A rodada de negociações, oficialmente chamada de “Painel dos Partidos do Executivo da Irlanda do Norte”, terá como mediador o norte-americano Richard Haass, ex-enviado dos Estados Unidos para o processo de paz na região. Os próprios políticos de Belfast, após as tentativas fracassadas para um acordo sobre os temas em pauta, convidaram Haass para a tarefa. As reuniões do “painel” ocorrerão entre setembro e dezembro.

Desde o fim do ano passado, a Irlanda do Norte vive uma fase de violência e protestos motivada, principalmente, por decisões legais que restringiram o uso da bandeira britânica no prédio do Legislativo de Belfast e alteraram o roteiro de um desfile de bandas protestantes também na capital. Ocorreram depredações e confrontos entre manifestantes unionistas e policiais.

Richard Haass foi escolhido como mediador entre as duas correntes políticas
A realização de uma parada no interior da Irlanda do Norte em homenagem a militantes mortos do IRA, o Exército Republicano Irlandês, também irritou os protestantes e unionistas.

A instabilidade e o impasse político são uns dos mais graves desde 2007, quando o governo compartilhado entre unionistas e republicanos foi restaurado. A pressão dos protestantes tem alimentado as especulações sobre a continuidade no cargo do primeiro-ministro da Irlanda do Norte, o líder do DUP (sigla em inglês para partido unionista democrático), Peter Robinson.

“Se as novas negociações fracassarem, seria um duro golpe no governo. As pessoas novamente vão questionar a sua habilidade para resolver os problemas. O Parlamento local atual tem uma taxa de aprovação de apenas 9%”, diz David McCann, pesquisador da University of Ulster, na Irlanda do Norte.

Para McCann, as chances de um fracasso das negociações são maiores do que as de sucesso. Ele frisa, por exemplo, que os manifestantes lealistas (unionistas de atuação comunitária e/ou de classes mais baixas) e os que protestam nas ruas e nas redes sociais dificilmente aceitarão algum acordo, o que tornaria a missão de Haass ainda mais difícil.
“A atual representação parlamentar unionista tem muito pouca credibilidade junto aos lealistas. Os lealistas acham que já cederam demais. Qualquer concessão em paradas, por exemplo, vai ser vista como se vender ao Sinn Féin (principal partido republicano). Assim é difícil que um político unionista assine um acordo substantivo”, afirma.

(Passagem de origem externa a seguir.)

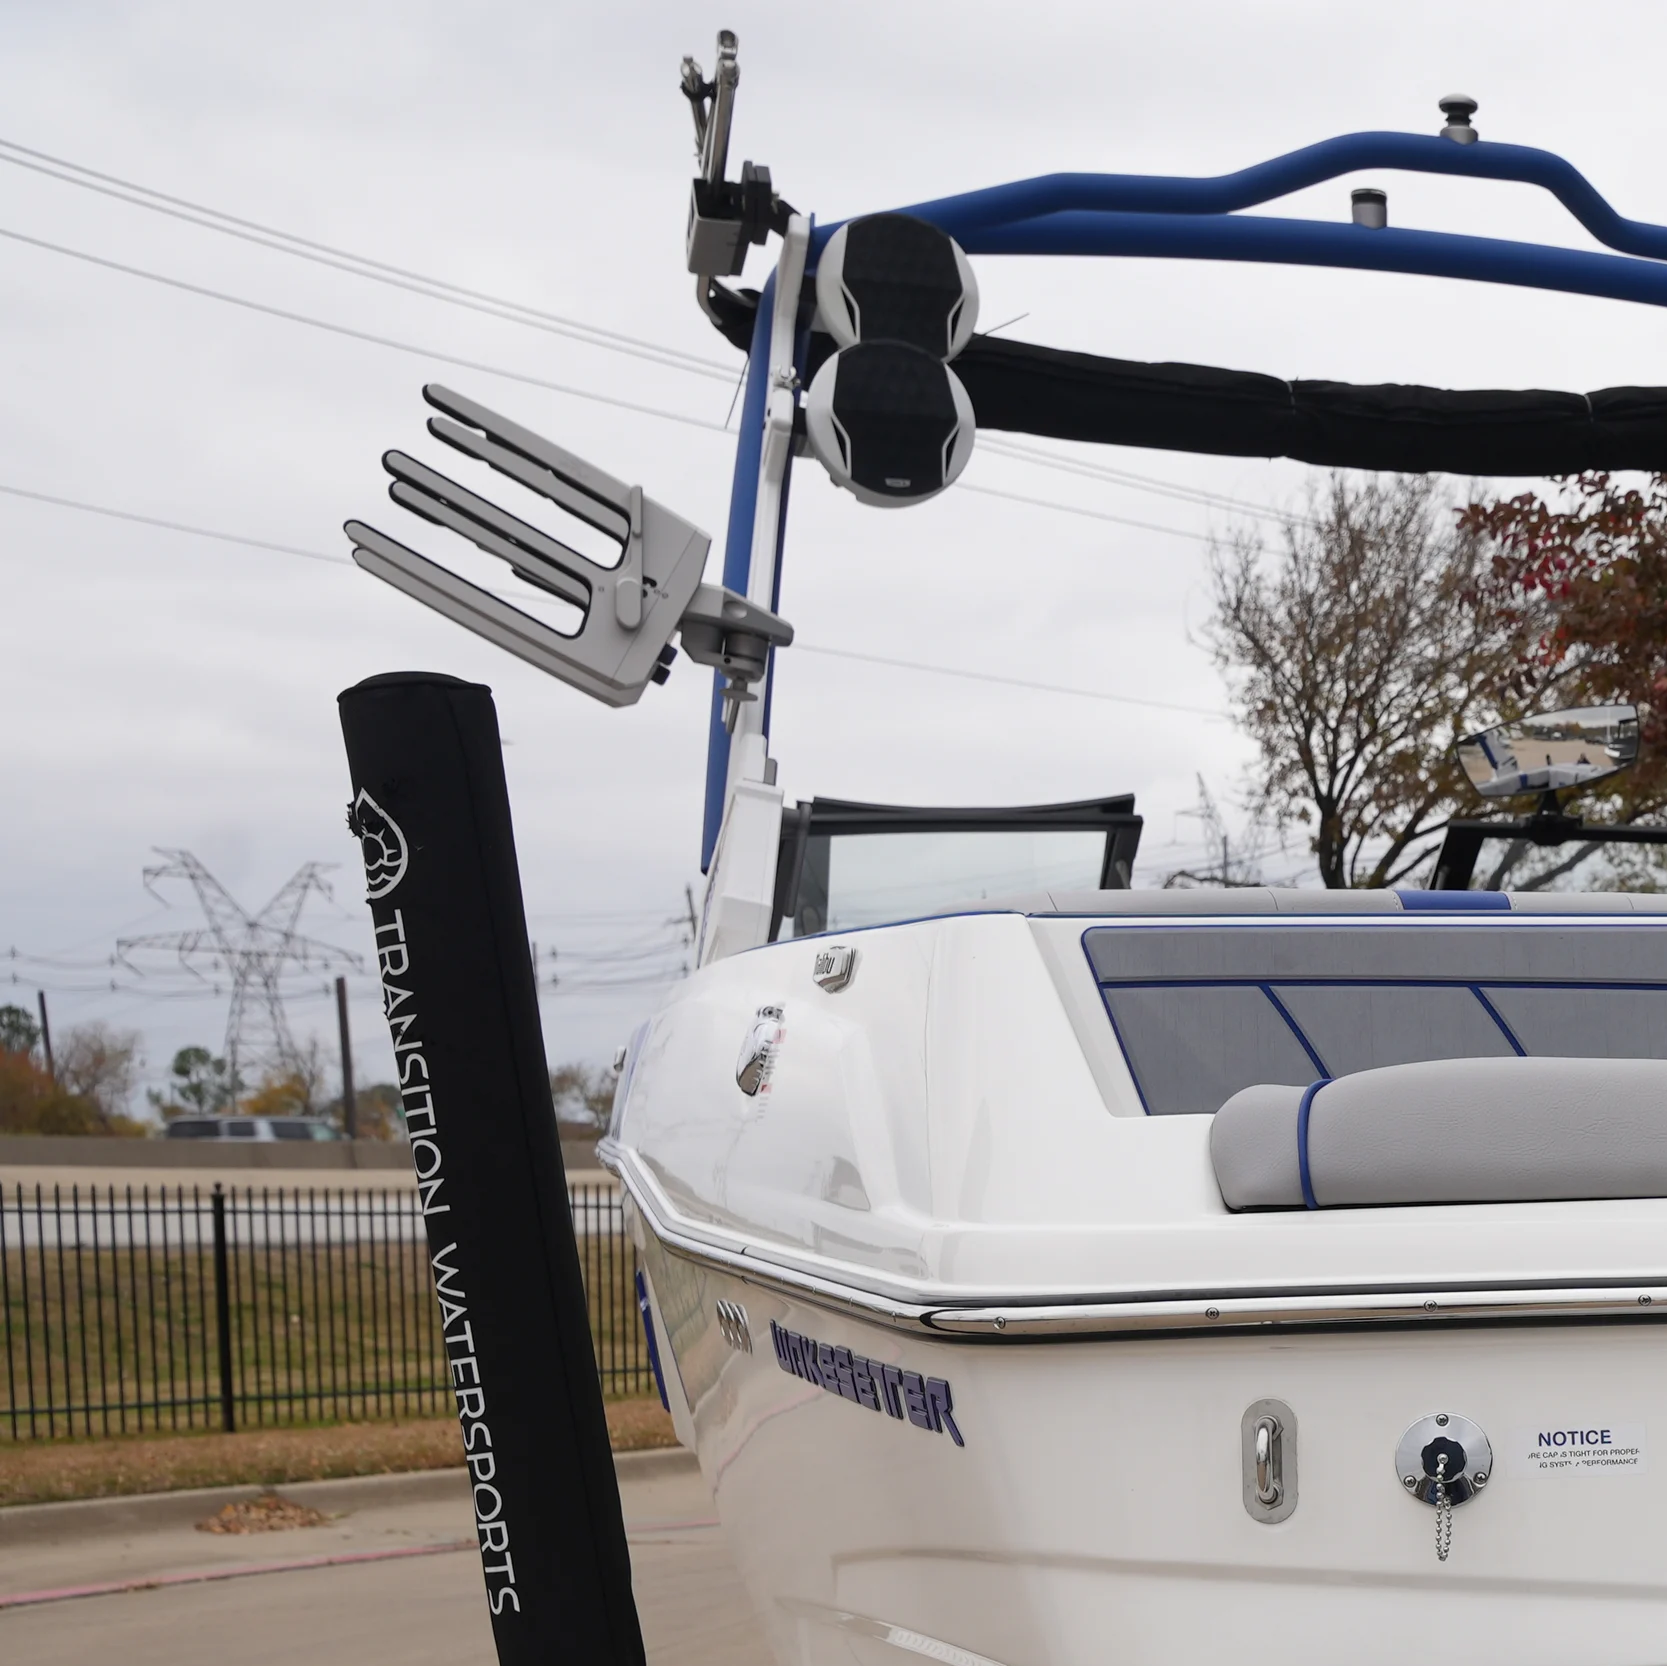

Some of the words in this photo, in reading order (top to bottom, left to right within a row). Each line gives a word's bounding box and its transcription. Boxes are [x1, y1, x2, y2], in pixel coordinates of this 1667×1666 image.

Desde a decisão da Assembleia local de Belfast de não mais içar a bandeira britânica todos os dias do ano, os lealistas se tornaram em geral mais ativos na manifestação e na participação política. Por exemplo, o número de bandeiras britânicas em postes na Irlanda do Norte, demarcando as áreas de predominância protestante, aumentou de um ano pra cá.

Lealistas mantêm um acampamento em prol dos seus “direitos civis” no norte de Belfast. O protesto é porque em julho passado, na região, um desfile de bandas protestantes não foi autorizado a atravessar um quarteirão de moradores católicos. Em redes sociais como o Facebook, são vários os perfis lealistas. Alguns se dizem contra o acordo de paz e expressam opiniões sectárias. É possível que neste sábado haja uma grande passeata lealista no centro de Belfast.

O cientista político Michael Anderson, que demonstra confiança nas novas negociações – “Haass não iria se engajar no processo se não estivesse confiante de que um bom resultado é possível” – diz que o mediador precisa convencer os partidos unionistas a enfrentarem de fato os protestos e a resistência lealista a decisões legais.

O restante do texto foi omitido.